▶ [DATA EXTRACT]

+ + + + + + +

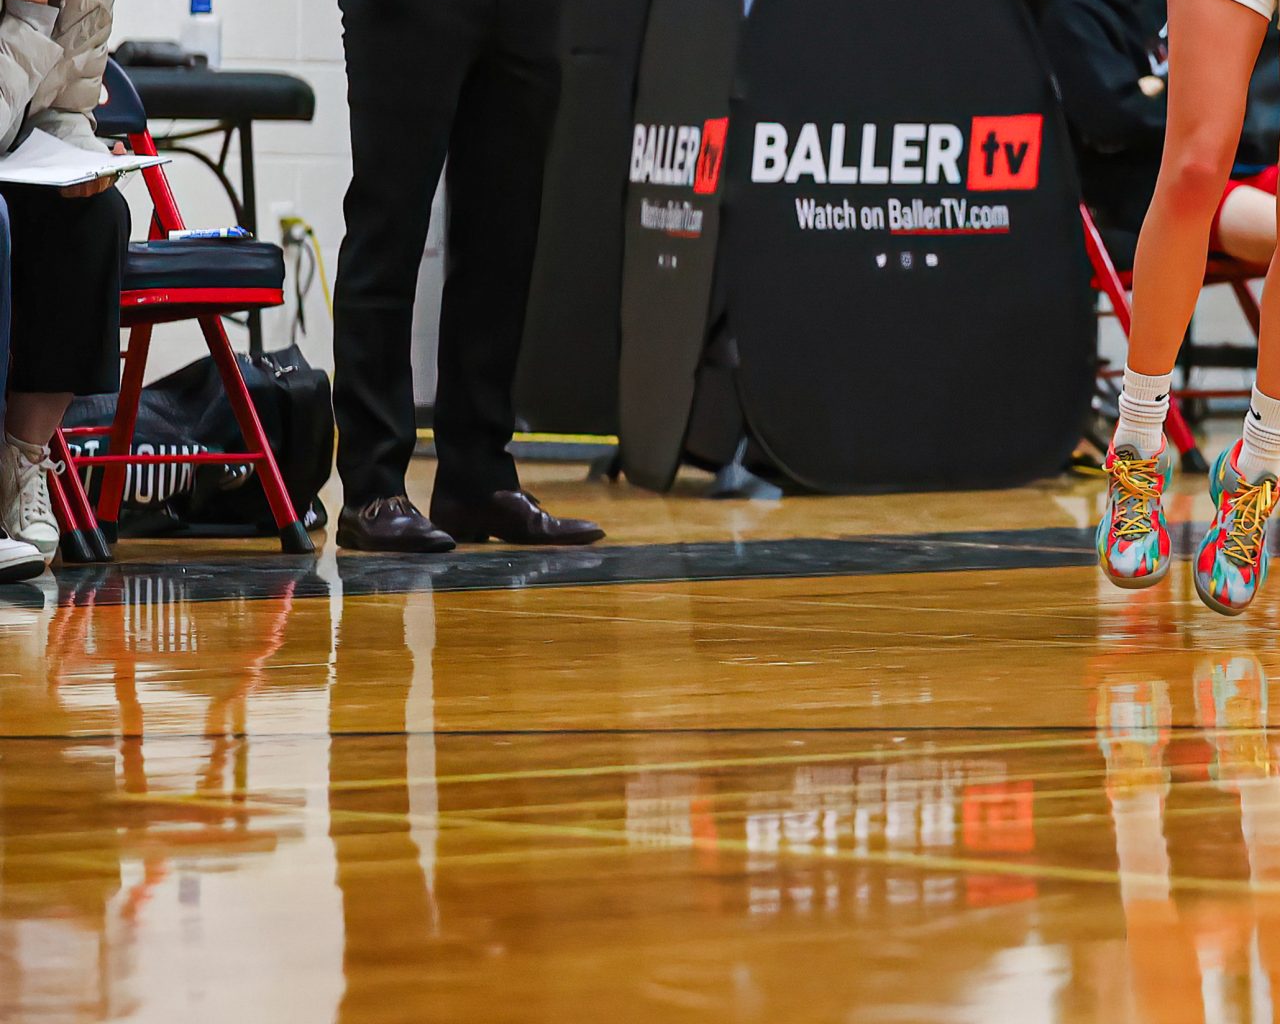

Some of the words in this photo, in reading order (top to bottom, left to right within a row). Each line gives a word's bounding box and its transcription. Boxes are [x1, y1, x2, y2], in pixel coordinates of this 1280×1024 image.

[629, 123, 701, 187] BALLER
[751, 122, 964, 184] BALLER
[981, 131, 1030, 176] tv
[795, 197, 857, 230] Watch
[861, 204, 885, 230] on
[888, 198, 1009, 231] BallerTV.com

+ + + + + + +

▶ [WHAT IS EXPECTED] Give back the material above word for word; no picture belongs in it.

▶ [ANSWER SPACE]
Some of the words in this photo, in reading order (top to bottom, left to right within a row). Each line gives a word's bounding box and its transcription. Boxes are [x1, y1, x2, y2], in pixel coordinates of this 1280×1024 image.

[629, 123, 701, 187] BALLER
[751, 122, 964, 184] BALLER
[981, 131, 1030, 176] tv
[795, 197, 857, 230] Watch
[861, 204, 885, 230] on
[888, 198, 1009, 231] BallerTV.com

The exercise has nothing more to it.